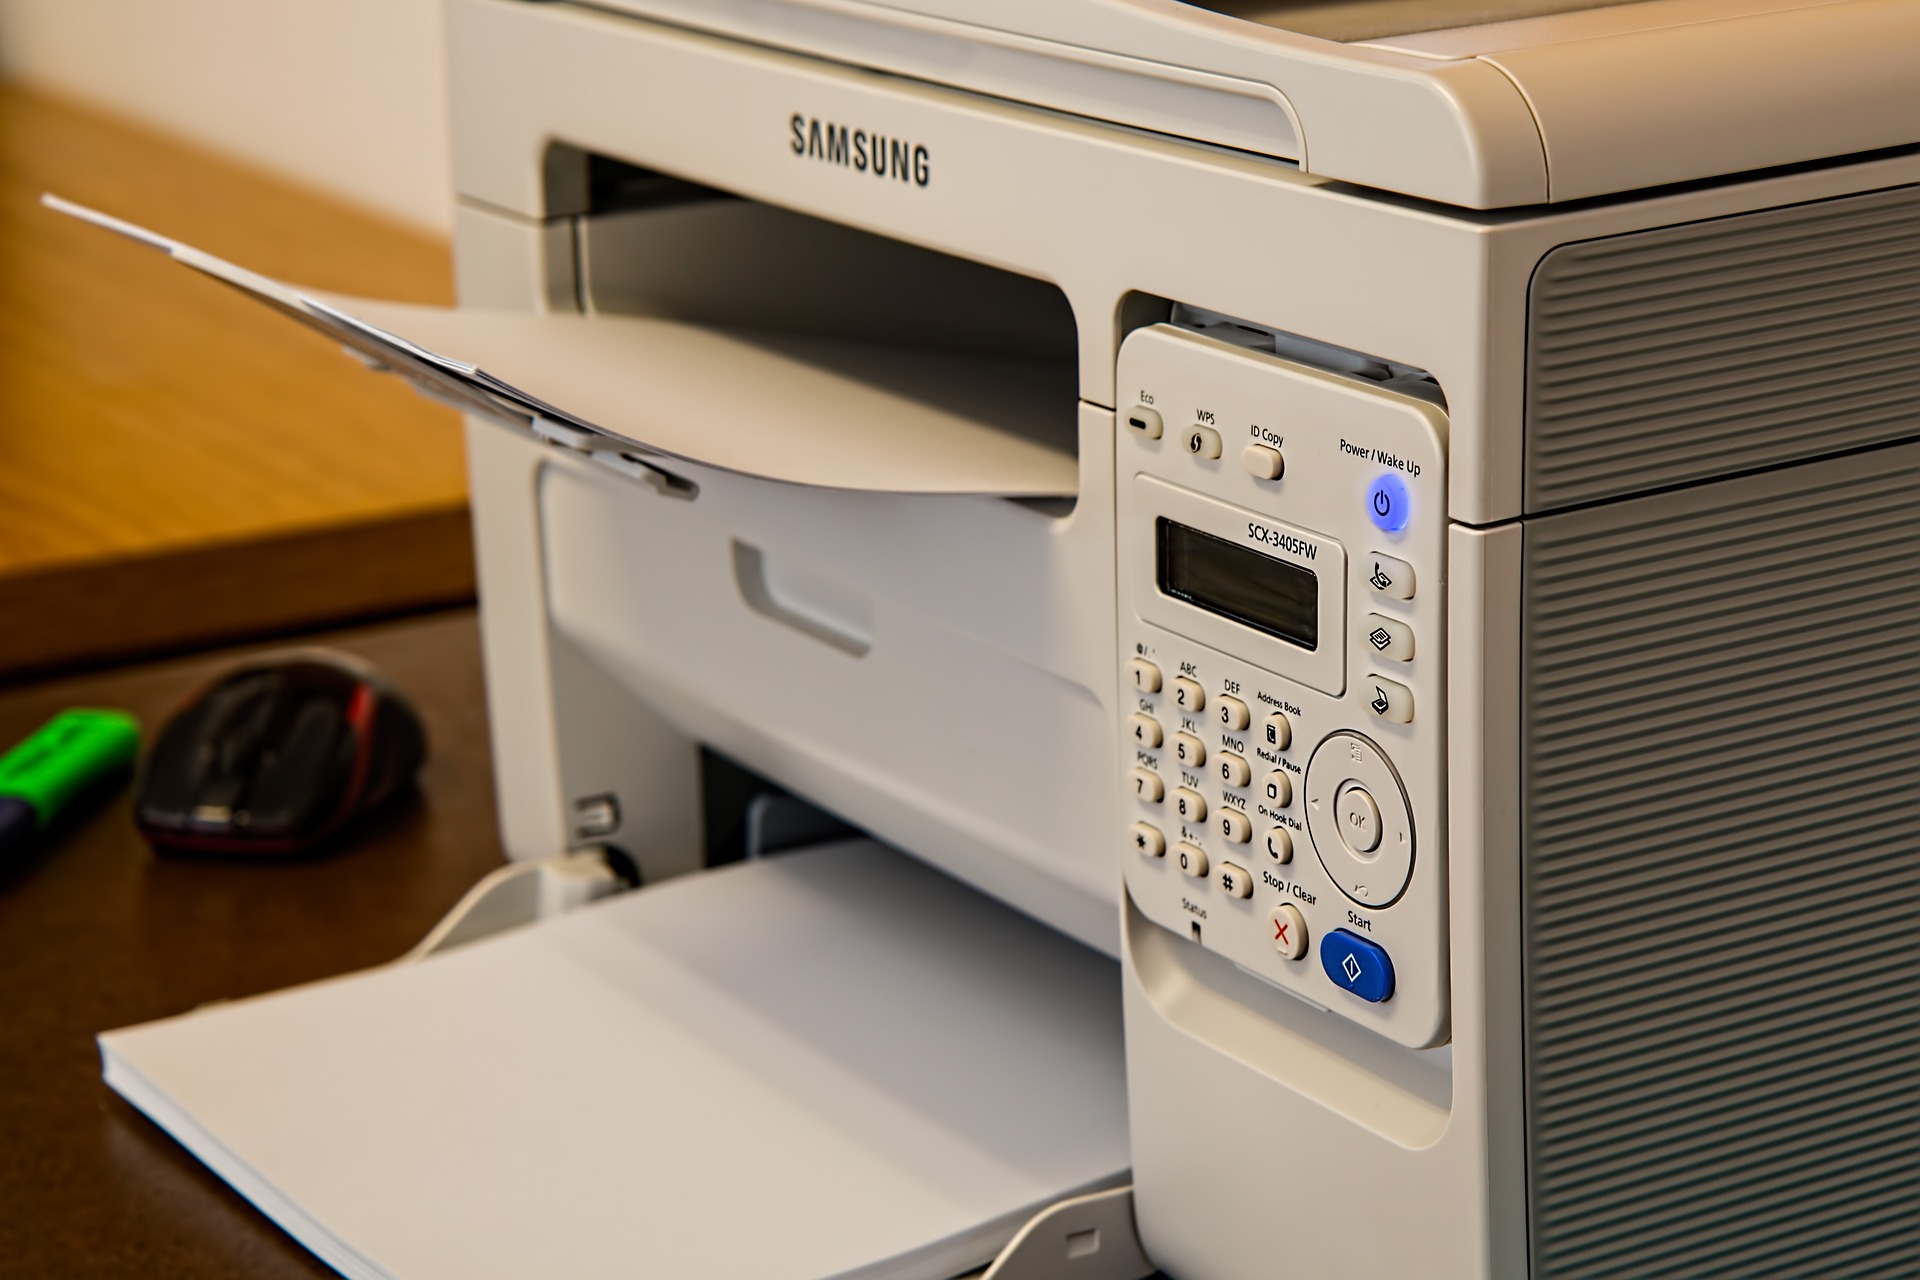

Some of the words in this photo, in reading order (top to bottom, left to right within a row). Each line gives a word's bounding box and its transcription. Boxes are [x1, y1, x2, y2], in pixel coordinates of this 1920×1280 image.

[790, 112, 930, 188] SAMSUNG
[1140, 390, 1154, 404] Eco
[1197, 409, 1215, 425] WPS
[1250, 425, 1260, 438] ID
[1262, 428, 1284, 448] Copy
[1340, 439, 1370, 461] Power
[1376, 451, 1405, 470] Wake
[1406, 461, 1421, 477] Up
[1248, 522, 1318, 560] SCX-3405FW
[1136, 670, 1141, 685] 1
[1180, 661, 1197, 678] ABC
[1224, 679, 1240, 694] DEF
[1177, 688, 1185, 705] 2
[1257, 691, 1283, 709] Address
[1284, 701, 1302, 717] Book
[1139, 699, 1154, 714] GHI
[1221, 706, 1229, 723] 3
[1135, 725, 1142, 740] 4
[1181, 717, 1197, 733] JKL
[1178, 743, 1185, 759] 5
[1222, 735, 1244, 753] MNO
[1137, 751, 1158, 769] PQRS
[1256, 747, 1277, 764] Redial
[1282, 757, 1302, 775] Pause
[1182, 771, 1199, 788] TUV
[1222, 763, 1229, 779] 6
[1136, 778, 1143, 794] 7
[1179, 799, 1186, 815] 8
[1223, 790, 1246, 810] WXYZ
[1258, 804, 1268, 817] On
[1269, 809, 1287, 825] Hook
[1288, 817, 1302, 832] Dial
[1350, 812, 1366, 831] OK
[1223, 819, 1230, 836] 9
[1180, 853, 1188, 870] 0
[1222, 874, 1233, 892] #
[1263, 871, 1285, 893] Stop
[1292, 884, 1317, 906] Clear
[1182, 898, 1207, 919] Status
[1347, 910, 1372, 932] Start
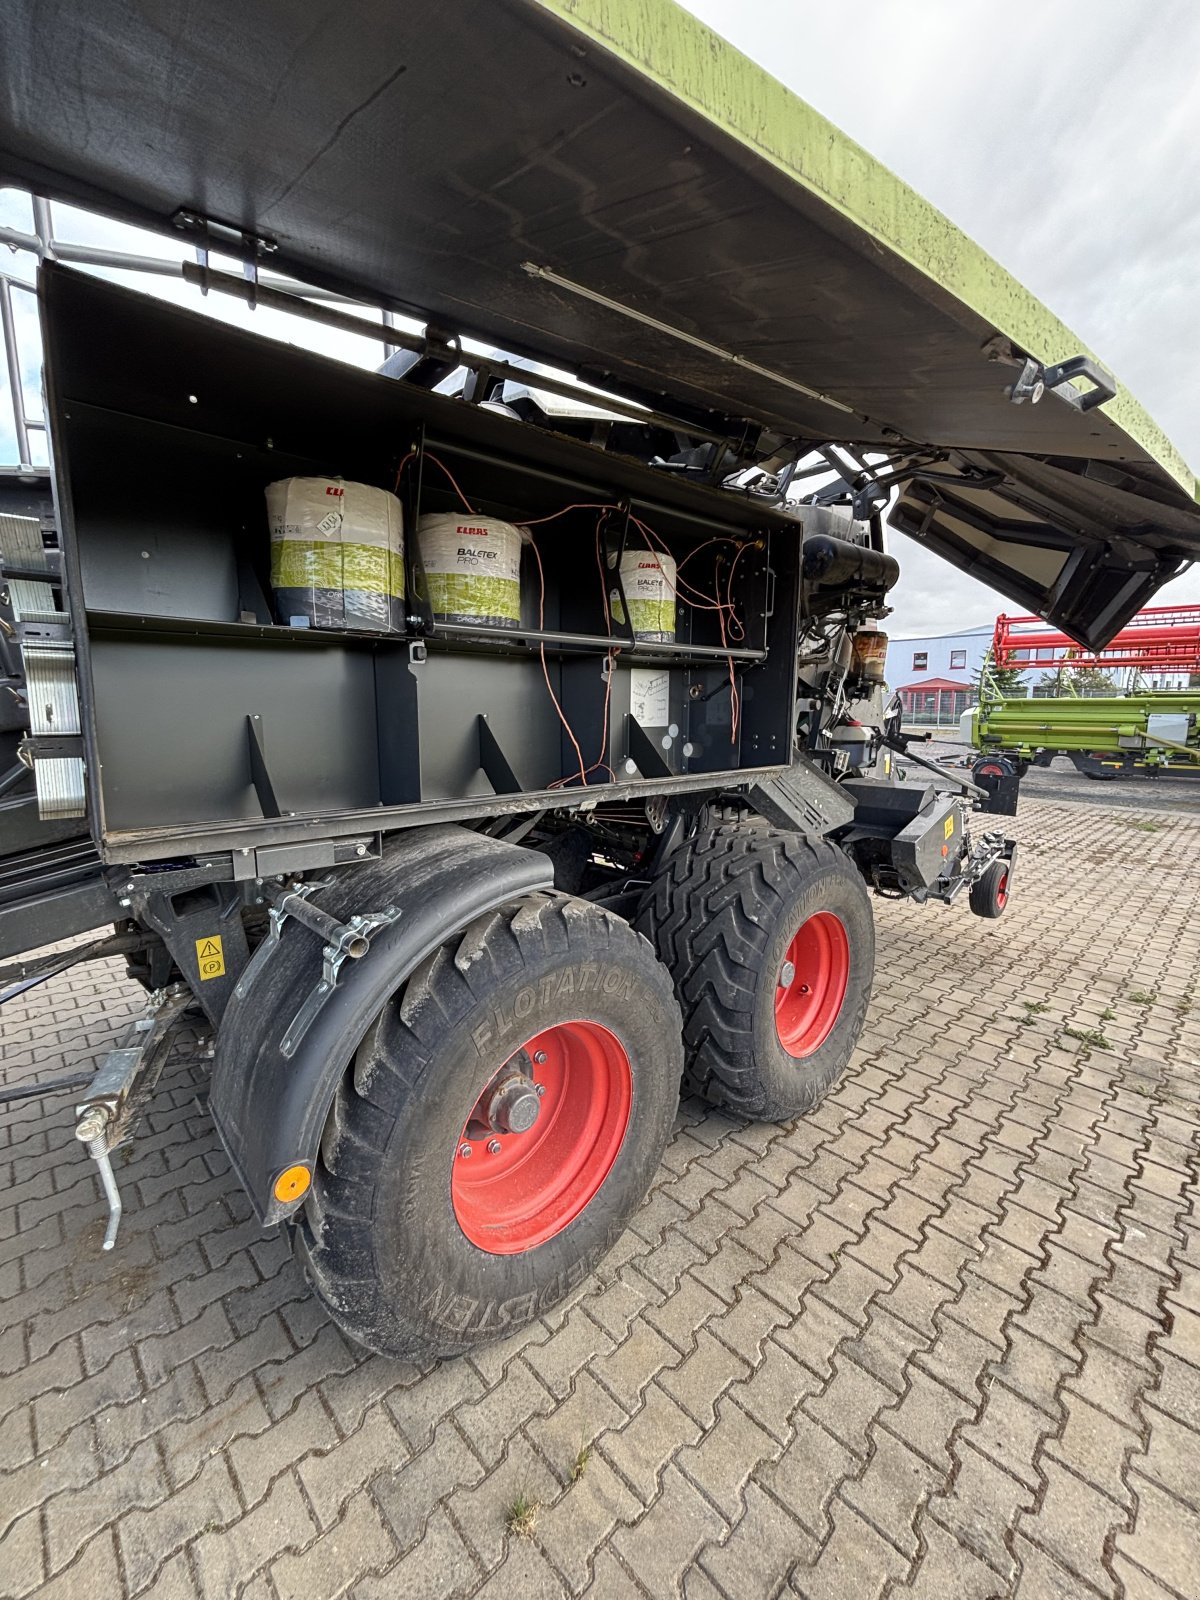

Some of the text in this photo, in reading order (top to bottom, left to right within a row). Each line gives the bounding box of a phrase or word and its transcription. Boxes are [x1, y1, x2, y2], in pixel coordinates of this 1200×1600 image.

[456, 526, 488, 536] CLAAS
[457, 547, 498, 560] BALETEX
[457, 556, 479, 566] PRO
[637, 562, 660, 570] CLAAS
[637, 579, 663, 587] BALETE
[471, 961, 641, 1058] FLOTATION

--- --- ---

*Activity*: Apart from the pictures, the entries above are to be repeated in full and exactly.

*Reply*:
Some of the words in this photo, in reading order (top to bottom, left to right within a row). Each line gives a word's bounding box and its transcription. Boxes are [x1, y1, x2, y2], in pixel coordinates of this 1920×1280 image.

[790, 112, 930, 188] SAMSUNG
[1140, 390, 1154, 404] Eco
[1197, 409, 1215, 425] WPS
[1250, 425, 1260, 438] ID
[1262, 428, 1284, 448] Copy
[1340, 439, 1370, 461] Power
[1376, 451, 1405, 470] Wake
[1406, 461, 1421, 477] Up
[1248, 522, 1318, 560] SCX-3405FW
[1136, 670, 1141, 685] 1
[1180, 661, 1197, 678] ABC
[1224, 679, 1240, 694] DEF
[1177, 688, 1185, 705] 2
[1257, 691, 1283, 709] Address
[1284, 701, 1302, 717] Book
[1139, 699, 1154, 714] GHI
[1221, 706, 1229, 723] 3
[1135, 725, 1142, 740] 4
[1181, 717, 1197, 733] JKL
[1178, 743, 1185, 759] 5
[1222, 735, 1244, 753] MNO
[1137, 751, 1158, 769] PQRS
[1256, 747, 1277, 764] Redial
[1282, 757, 1302, 775] Pause
[1182, 771, 1199, 788] TUV
[1222, 763, 1229, 779] 6
[1136, 778, 1143, 794] 7
[1179, 799, 1186, 815] 8
[1223, 790, 1246, 810] WXYZ
[1258, 804, 1268, 817] On
[1269, 809, 1287, 825] Hook
[1288, 817, 1302, 832] Dial
[1350, 812, 1366, 831] OK
[1223, 819, 1230, 836] 9
[1180, 853, 1188, 870] 0
[1222, 874, 1233, 892] #
[1263, 871, 1285, 893] Stop
[1292, 884, 1317, 906] Clear
[1182, 898, 1207, 919] Status
[1347, 910, 1372, 932] Start

Some of the text in this photo, in reading order (top to bottom, left to right within a row). Each line gives the bounding box of a phrase or word and its transcription. Boxes are [x1, y1, x2, y2], in pixel coordinates of this 1200×1600 image.

[456, 526, 488, 536] CLAAS
[457, 547, 498, 560] BALETEX
[457, 556, 479, 566] PRO
[637, 562, 660, 570] CLAAS
[637, 579, 663, 587] BALETE
[471, 961, 641, 1058] FLOTATION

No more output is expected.